*Supplied information*:
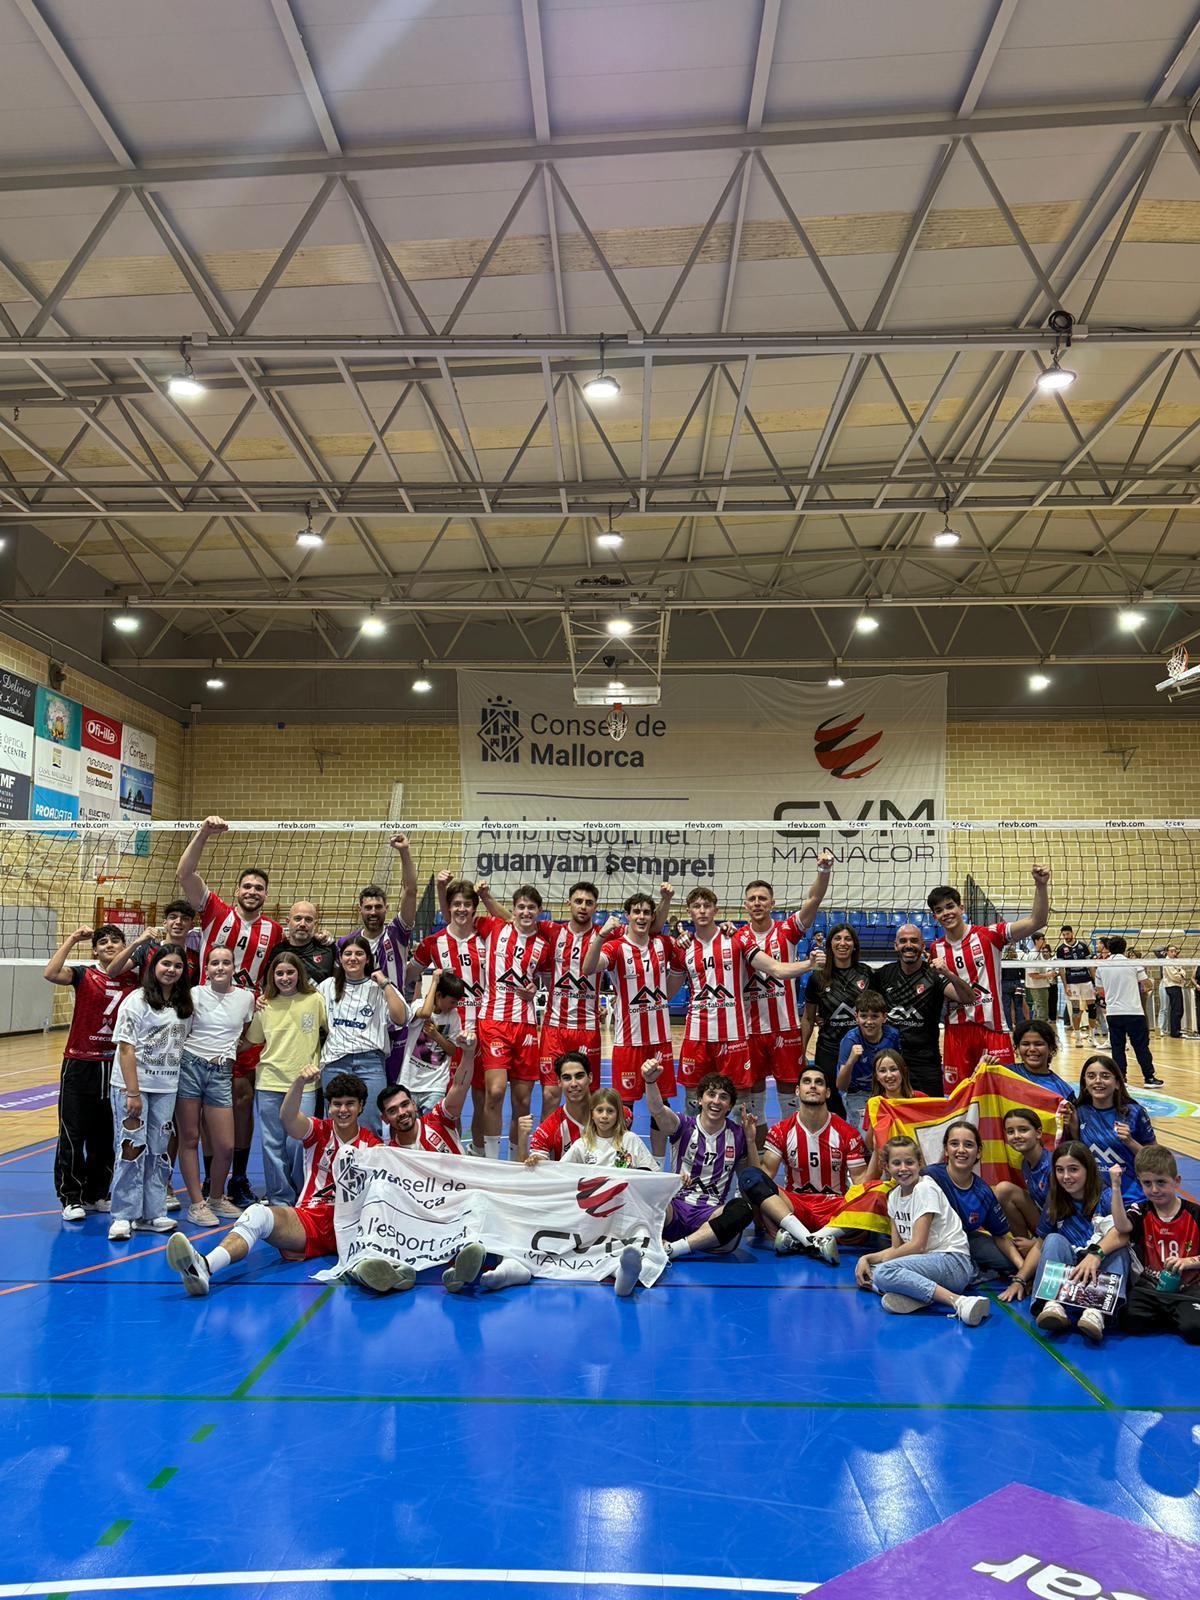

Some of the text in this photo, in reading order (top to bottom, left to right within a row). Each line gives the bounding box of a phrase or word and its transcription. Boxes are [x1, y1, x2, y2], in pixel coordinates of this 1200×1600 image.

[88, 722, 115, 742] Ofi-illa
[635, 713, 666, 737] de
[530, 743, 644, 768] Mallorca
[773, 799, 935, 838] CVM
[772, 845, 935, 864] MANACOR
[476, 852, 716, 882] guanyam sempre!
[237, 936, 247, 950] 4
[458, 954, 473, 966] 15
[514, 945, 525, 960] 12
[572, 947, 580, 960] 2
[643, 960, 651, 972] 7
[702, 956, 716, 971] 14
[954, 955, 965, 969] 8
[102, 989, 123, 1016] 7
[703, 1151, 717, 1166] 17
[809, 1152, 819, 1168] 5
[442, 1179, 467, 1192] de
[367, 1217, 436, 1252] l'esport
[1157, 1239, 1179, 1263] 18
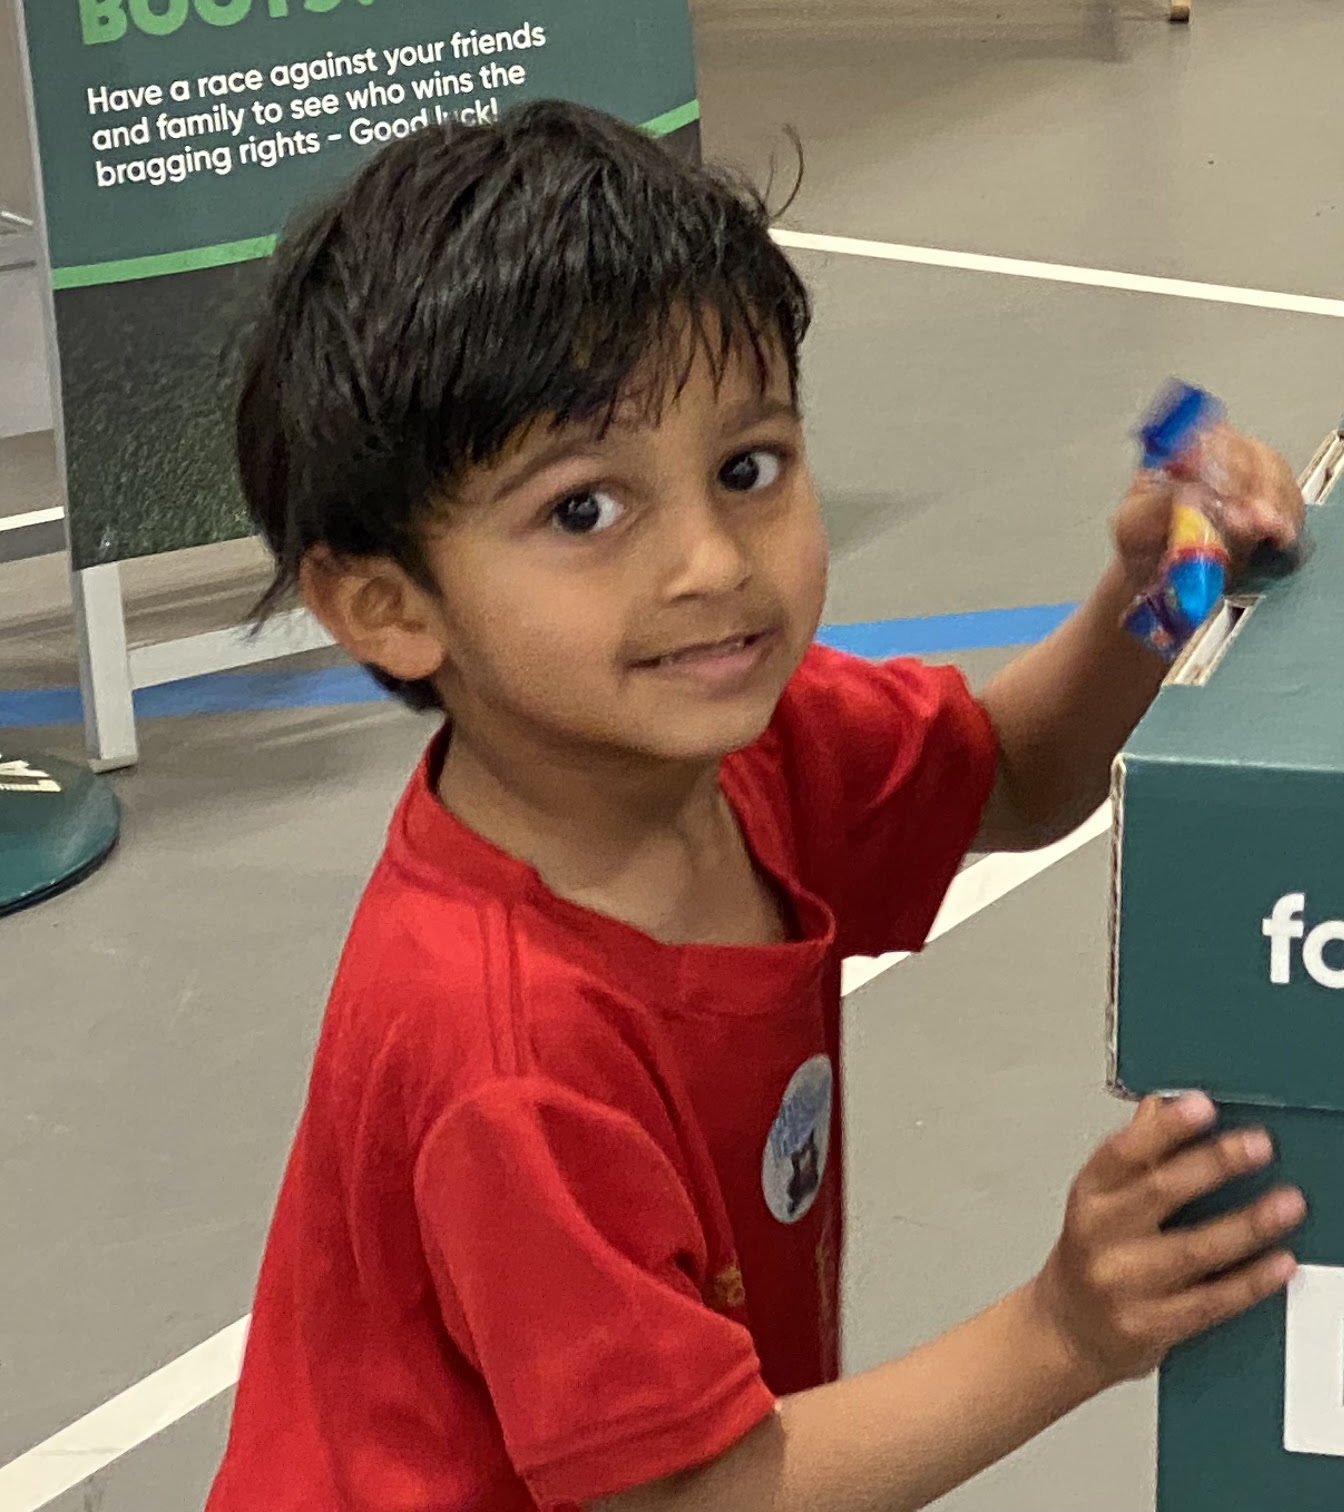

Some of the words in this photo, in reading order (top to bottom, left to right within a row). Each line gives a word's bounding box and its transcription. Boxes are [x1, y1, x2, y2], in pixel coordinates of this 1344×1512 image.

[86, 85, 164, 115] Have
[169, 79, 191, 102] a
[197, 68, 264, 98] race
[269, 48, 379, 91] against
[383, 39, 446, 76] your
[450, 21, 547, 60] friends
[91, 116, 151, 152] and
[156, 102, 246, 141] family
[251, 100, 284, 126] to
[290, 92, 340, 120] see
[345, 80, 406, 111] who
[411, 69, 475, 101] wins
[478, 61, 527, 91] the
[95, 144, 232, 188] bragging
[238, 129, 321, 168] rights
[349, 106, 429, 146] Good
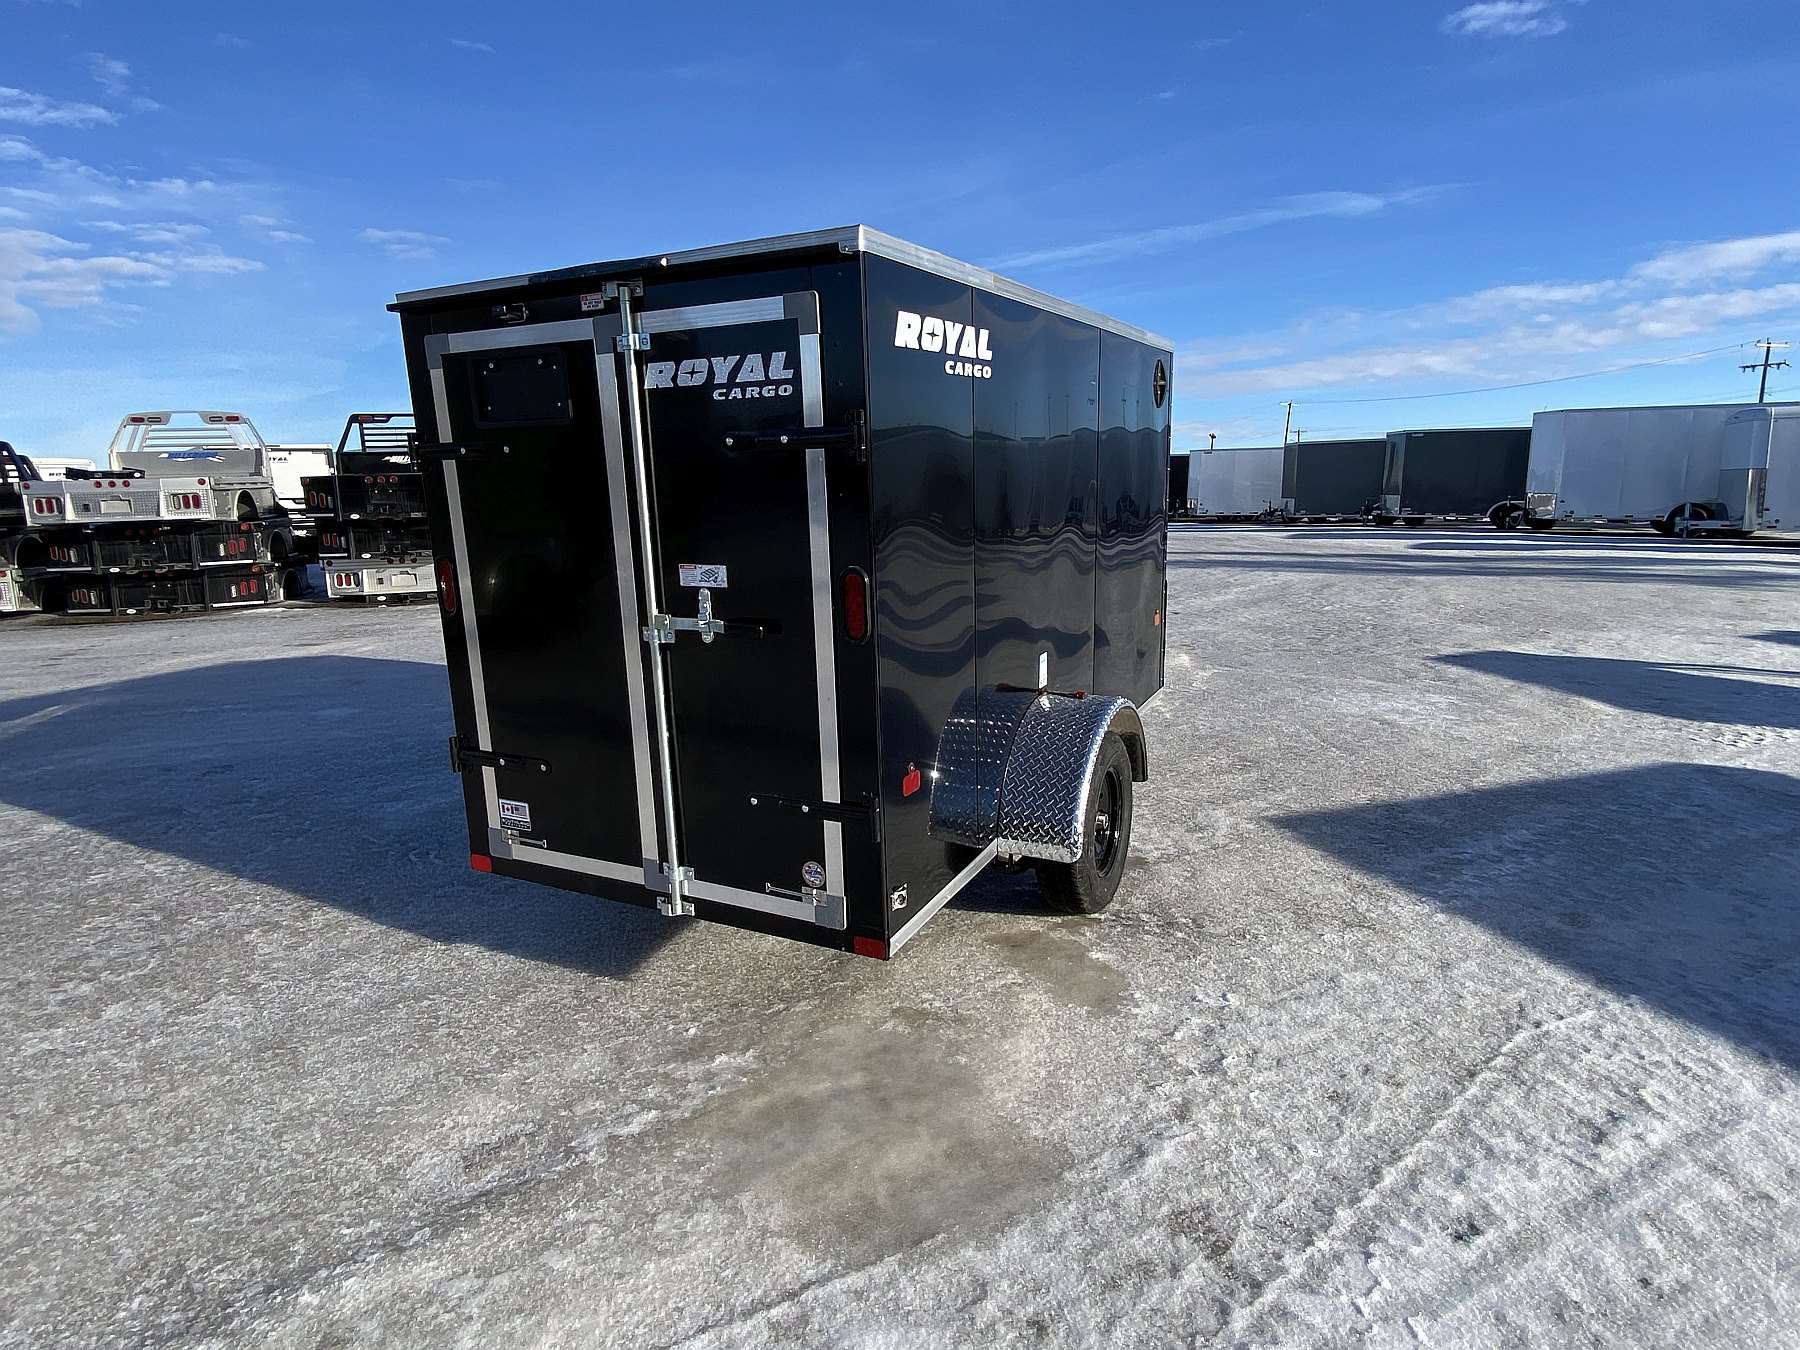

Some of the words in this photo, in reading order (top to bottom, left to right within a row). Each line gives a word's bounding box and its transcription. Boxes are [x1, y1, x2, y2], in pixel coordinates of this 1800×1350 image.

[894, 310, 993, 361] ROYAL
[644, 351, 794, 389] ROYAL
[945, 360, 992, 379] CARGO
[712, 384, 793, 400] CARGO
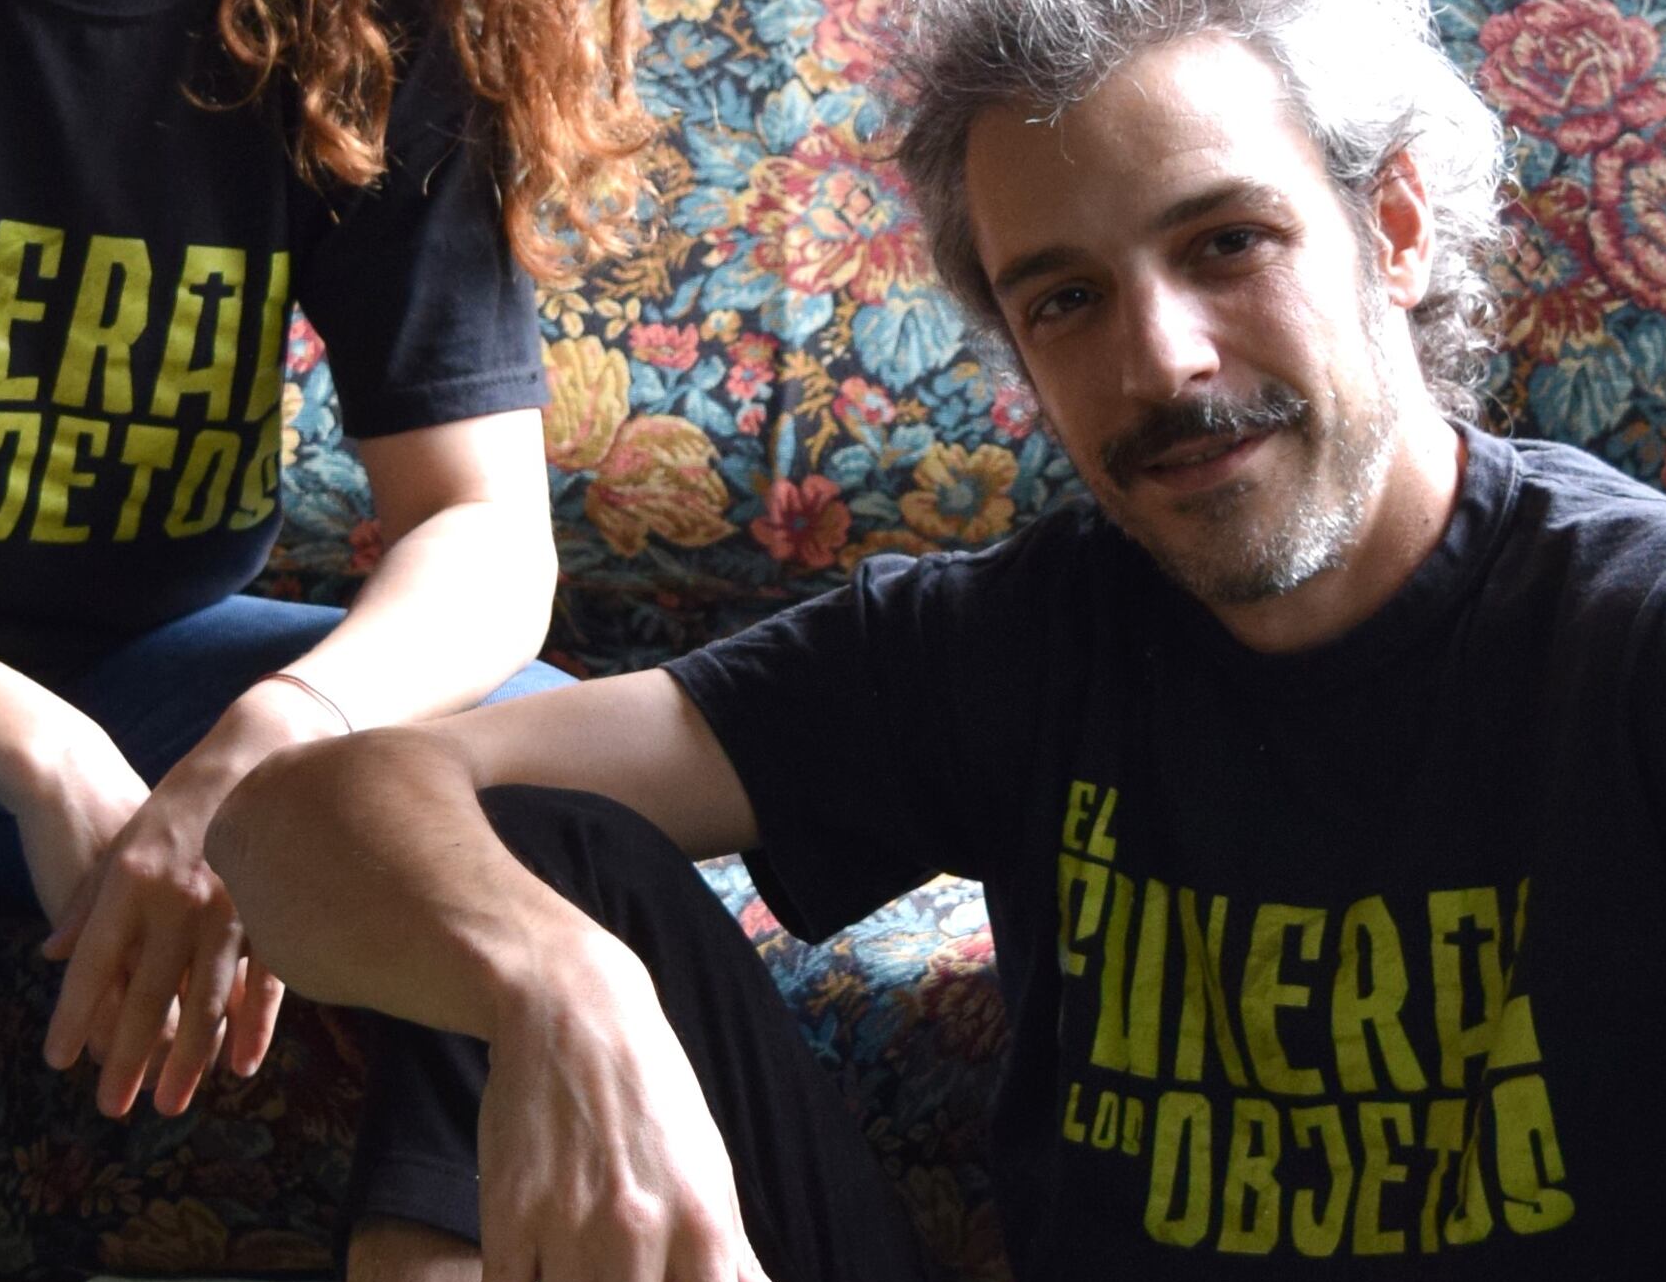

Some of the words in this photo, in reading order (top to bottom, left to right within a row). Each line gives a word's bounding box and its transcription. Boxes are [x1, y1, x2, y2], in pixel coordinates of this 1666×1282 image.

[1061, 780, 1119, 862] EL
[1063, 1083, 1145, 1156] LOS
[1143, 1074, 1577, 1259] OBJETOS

*Aim of the exercise*: Output the records verbatim without pictures.

*Solution to this task*:
Some of the text in this photo, in reading order (top to bottom, left to right within a row). Each line gives the bounding box of a phrase or word and its transcription. Boxes are [x1, y1, x2, y2], in pixel coordinates of this 1200×1600 image.

[88, 722, 115, 742] Ofi-illa
[635, 713, 666, 737] de
[530, 743, 644, 768] Mallorca
[773, 799, 935, 838] CVM
[772, 845, 935, 864] MANACOR
[476, 852, 716, 882] guanyam sempre!
[237, 936, 247, 950] 4
[458, 954, 473, 966] 15
[514, 945, 525, 960] 12
[572, 947, 580, 960] 2
[643, 960, 651, 972] 7
[702, 956, 716, 971] 14
[954, 955, 965, 969] 8
[102, 989, 123, 1016] 7
[703, 1151, 717, 1166] 17
[809, 1152, 819, 1168] 5
[442, 1179, 467, 1192] de
[367, 1217, 436, 1252] l'esport
[1157, 1239, 1179, 1263] 18

Some of the words in this photo, in reading order (top to bottom, left to right within a row). Each line gives a word's bounding box and its transcription. Boxes are [x1, y1, x2, y2], in pixel coordinates of this 1344×1512 image.

[86, 85, 164, 115] Have
[169, 79, 191, 102] a
[197, 68, 264, 98] race
[269, 48, 379, 91] against
[383, 39, 446, 76] your
[450, 21, 547, 60] friends
[91, 116, 151, 152] and
[156, 102, 246, 141] family
[251, 100, 284, 126] to
[290, 92, 340, 120] see
[345, 80, 406, 111] who
[411, 69, 475, 101] wins
[478, 61, 527, 91] the
[95, 144, 232, 188] bragging
[238, 129, 321, 168] rights
[349, 106, 429, 146] Good

Some of the words in this photo, in reading order (top to bottom, left to right within a row). Each line gives a word's bounding box and its transcription. Boxes are [x1, y1, x2, y2], in pixel coordinates of this 1800×1350 image.

[894, 310, 993, 361] ROYAL
[644, 351, 794, 389] ROYAL
[945, 360, 992, 379] CARGO
[712, 384, 793, 400] CARGO

Some of the words in this photo, in reading order (top to bottom, left to right within a row). Each line gives a word's bounding box and its transcription. Boxes are [x1, y1, x2, y2], in pixel coordinates of this 1666×1282 image.

[1061, 780, 1119, 862] EL
[1063, 1083, 1145, 1156] LOS
[1143, 1074, 1577, 1259] OBJETOS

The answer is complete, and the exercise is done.